• What is required:
Every record needs to come back as written, except for the pictures.

• Records for processing:

┄┄┄┄┄┄┄┄┄┄

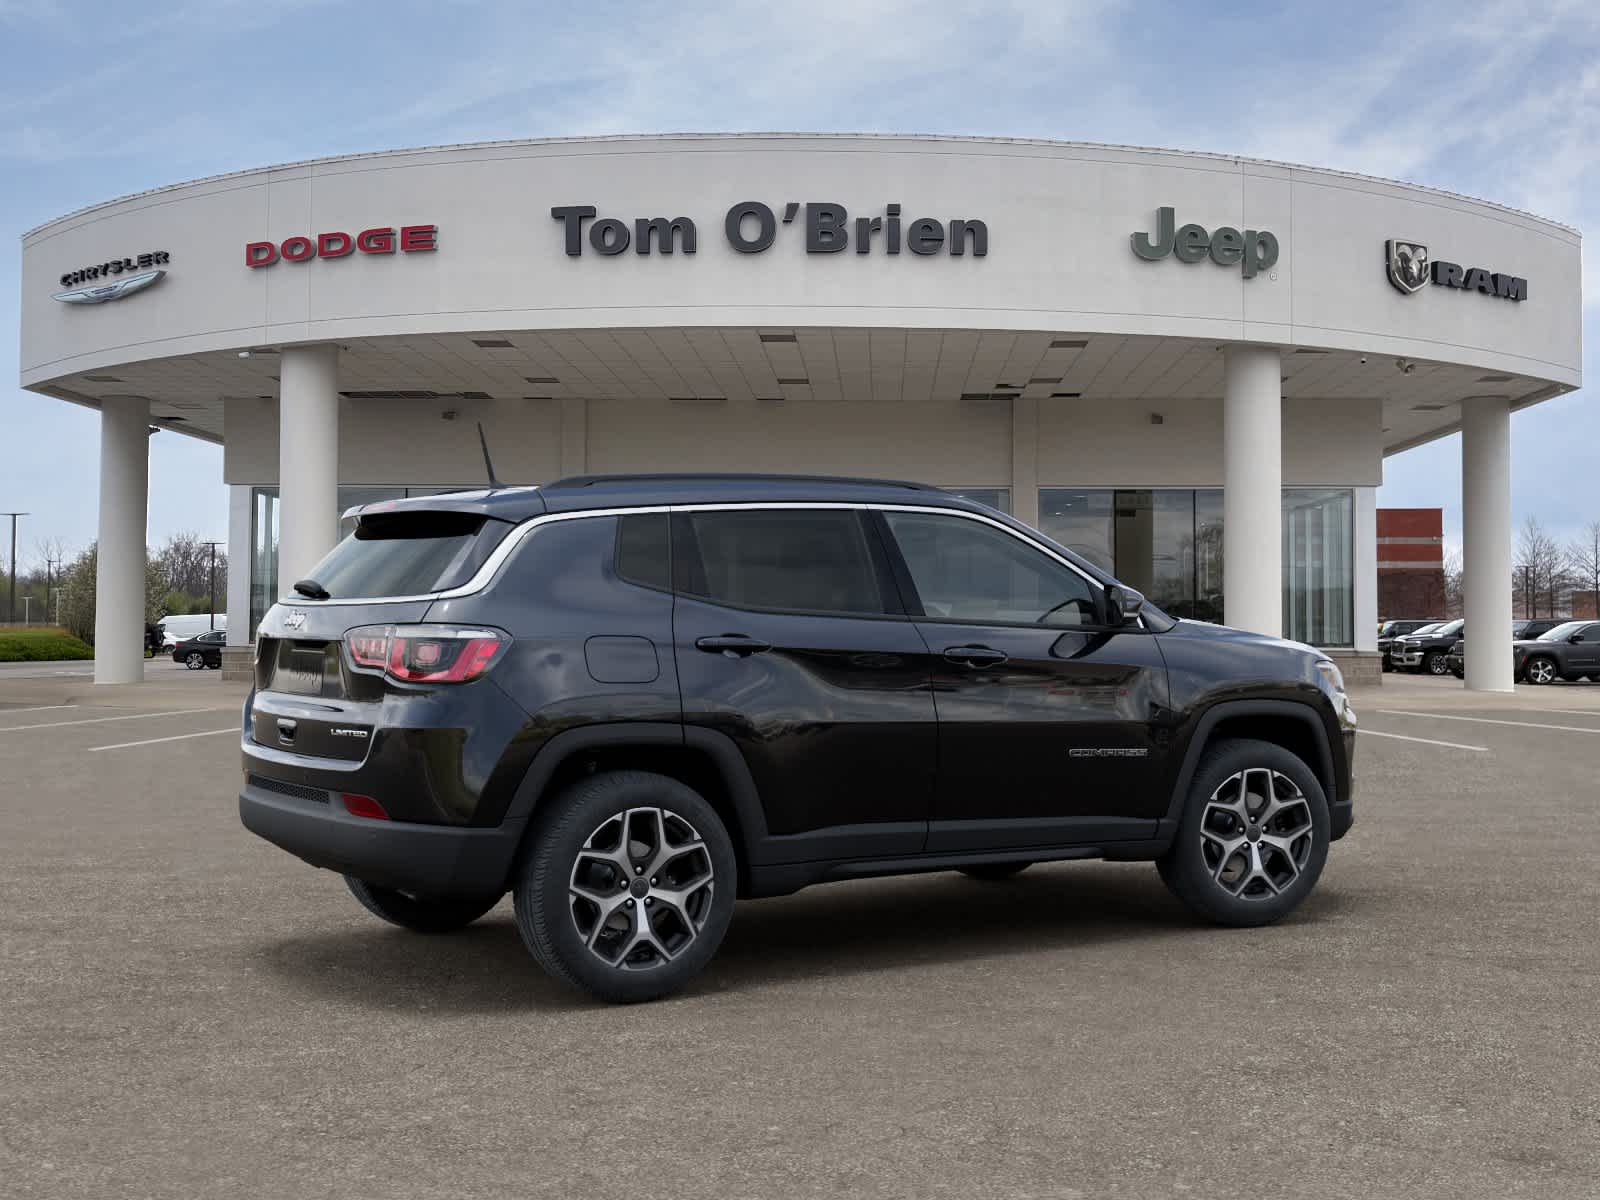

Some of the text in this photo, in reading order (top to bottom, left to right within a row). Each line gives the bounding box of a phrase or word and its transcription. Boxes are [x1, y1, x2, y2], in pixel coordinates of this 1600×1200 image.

[245, 224, 438, 269] DODGE
[551, 200, 988, 257] Tom O'Brien
[1130, 206, 1280, 279] Jeep
[60, 250, 170, 287] CHRYSLER
[1431, 260, 1528, 301] RAM

┄┄┄┄┄┄┄┄┄┄

• Written reply:
Some of the text in this photo, in reading order (top to bottom, left to right within a row). Each line gives the bounding box of a phrase or word and its transcription. Boxes are [x1, y1, x2, y2], in pixel coordinates of this 1600×1200 image.

[245, 224, 438, 269] DODGE
[551, 200, 988, 257] Tom O'Brien
[1130, 206, 1280, 279] Jeep
[60, 250, 170, 287] CHRYSLER
[1431, 260, 1528, 301] RAM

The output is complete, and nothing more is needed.